■ PROBLEM REQUIREMENTS ■
Output the full listing verbatim.
_ _ _ _ _ _ _
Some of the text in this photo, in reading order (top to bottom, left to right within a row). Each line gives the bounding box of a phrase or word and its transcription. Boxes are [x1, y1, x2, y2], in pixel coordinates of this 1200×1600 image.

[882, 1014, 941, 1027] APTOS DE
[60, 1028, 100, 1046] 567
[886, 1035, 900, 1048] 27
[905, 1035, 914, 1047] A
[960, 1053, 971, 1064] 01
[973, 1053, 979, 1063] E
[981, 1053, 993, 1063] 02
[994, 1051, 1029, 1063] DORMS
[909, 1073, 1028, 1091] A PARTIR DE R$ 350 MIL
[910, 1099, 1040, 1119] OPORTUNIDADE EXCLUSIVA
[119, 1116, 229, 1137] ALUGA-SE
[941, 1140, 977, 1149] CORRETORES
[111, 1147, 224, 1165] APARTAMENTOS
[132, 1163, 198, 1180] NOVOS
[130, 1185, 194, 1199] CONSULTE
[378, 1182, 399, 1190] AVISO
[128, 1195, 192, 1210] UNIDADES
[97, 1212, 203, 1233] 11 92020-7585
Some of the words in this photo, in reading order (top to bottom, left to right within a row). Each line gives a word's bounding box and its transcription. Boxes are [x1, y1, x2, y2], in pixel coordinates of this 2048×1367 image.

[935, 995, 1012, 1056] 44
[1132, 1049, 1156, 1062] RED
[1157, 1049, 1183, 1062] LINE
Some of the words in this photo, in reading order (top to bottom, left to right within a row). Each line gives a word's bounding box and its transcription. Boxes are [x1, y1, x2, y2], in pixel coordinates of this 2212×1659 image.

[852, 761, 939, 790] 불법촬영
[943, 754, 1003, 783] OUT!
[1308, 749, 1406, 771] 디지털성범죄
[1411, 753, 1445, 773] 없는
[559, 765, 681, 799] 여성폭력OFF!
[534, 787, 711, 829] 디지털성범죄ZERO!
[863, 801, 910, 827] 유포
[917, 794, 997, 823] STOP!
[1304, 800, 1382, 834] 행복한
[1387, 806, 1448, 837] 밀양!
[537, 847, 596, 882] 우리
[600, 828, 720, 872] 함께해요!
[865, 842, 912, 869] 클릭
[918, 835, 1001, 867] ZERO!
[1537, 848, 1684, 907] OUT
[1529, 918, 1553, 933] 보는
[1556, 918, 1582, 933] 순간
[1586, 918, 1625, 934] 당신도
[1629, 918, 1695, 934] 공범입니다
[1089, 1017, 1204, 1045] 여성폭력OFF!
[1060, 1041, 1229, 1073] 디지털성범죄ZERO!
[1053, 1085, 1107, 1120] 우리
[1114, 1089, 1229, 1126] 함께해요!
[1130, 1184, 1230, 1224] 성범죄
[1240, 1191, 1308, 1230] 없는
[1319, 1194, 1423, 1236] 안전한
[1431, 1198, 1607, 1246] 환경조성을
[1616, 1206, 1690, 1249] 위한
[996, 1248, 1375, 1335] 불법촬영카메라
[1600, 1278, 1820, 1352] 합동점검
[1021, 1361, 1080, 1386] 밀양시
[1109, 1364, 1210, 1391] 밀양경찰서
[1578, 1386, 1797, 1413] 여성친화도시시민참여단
_ _ _ _ _ _ _
■ TASK RESPONSE ■
Some of the text in this photo, in reading order (top to bottom, left to right within a row). Each line gives the bounding box of a phrase or word and its transcription. Boxes are [x1, y1, x2, y2], in pixel coordinates of this 1200×1600 image.

[882, 1014, 941, 1027] APTOS DE
[60, 1028, 100, 1046] 567
[886, 1035, 900, 1048] 27
[905, 1035, 914, 1047] A
[960, 1053, 971, 1064] 01
[973, 1053, 979, 1063] E
[981, 1053, 993, 1063] 02
[994, 1051, 1029, 1063] DORMS
[909, 1073, 1028, 1091] A PARTIR DE R$ 350 MIL
[910, 1099, 1040, 1119] OPORTUNIDADE EXCLUSIVA
[119, 1116, 229, 1137] ALUGA-SE
[941, 1140, 977, 1149] CORRETORES
[111, 1147, 224, 1165] APARTAMENTOS
[132, 1163, 198, 1180] NOVOS
[130, 1185, 194, 1199] CONSULTE
[378, 1182, 399, 1190] AVISO
[128, 1195, 192, 1210] UNIDADES
[97, 1212, 203, 1233] 11 92020-7585
Some of the words in this photo, in reading order (top to bottom, left to right within a row). Each line gives a word's bounding box and its transcription. Boxes are [x1, y1, x2, y2], in pixel coordinates of this 2048×1367 image.

[935, 995, 1012, 1056] 44
[1132, 1049, 1156, 1062] RED
[1157, 1049, 1183, 1062] LINE
Some of the words in this photo, in reading order (top to bottom, left to right within a row). Each line gives a word's bounding box and its transcription. Boxes are [x1, y1, x2, y2], in pixel coordinates of this 2212×1659 image.

[852, 761, 939, 790] 불법촬영
[943, 754, 1003, 783] OUT!
[1308, 749, 1406, 771] 디지털성범죄
[1411, 753, 1445, 773] 없는
[559, 765, 681, 799] 여성폭력OFF!
[534, 787, 711, 829] 디지털성범죄ZERO!
[863, 801, 910, 827] 유포
[917, 794, 997, 823] STOP!
[1304, 800, 1382, 834] 행복한
[1387, 806, 1448, 837] 밀양!
[537, 847, 596, 882] 우리
[600, 828, 720, 872] 함께해요!
[865, 842, 912, 869] 클릭
[918, 835, 1001, 867] ZERO!
[1537, 848, 1684, 907] OUT
[1529, 918, 1553, 933] 보는
[1556, 918, 1582, 933] 순간
[1586, 918, 1625, 934] 당신도
[1629, 918, 1695, 934] 공범입니다
[1089, 1017, 1204, 1045] 여성폭력OFF!
[1060, 1041, 1229, 1073] 디지털성범죄ZERO!
[1053, 1085, 1107, 1120] 우리
[1114, 1089, 1229, 1126] 함께해요!
[1130, 1184, 1230, 1224] 성범죄
[1240, 1191, 1308, 1230] 없는
[1319, 1194, 1423, 1236] 안전한
[1431, 1198, 1607, 1246] 환경조성을
[1616, 1206, 1690, 1249] 위한
[996, 1248, 1375, 1335] 불법촬영카메라
[1600, 1278, 1820, 1352] 합동점검
[1021, 1361, 1080, 1386] 밀양시
[1109, 1364, 1210, 1391] 밀양경찰서
[1578, 1386, 1797, 1413] 여성친화도시시민참여단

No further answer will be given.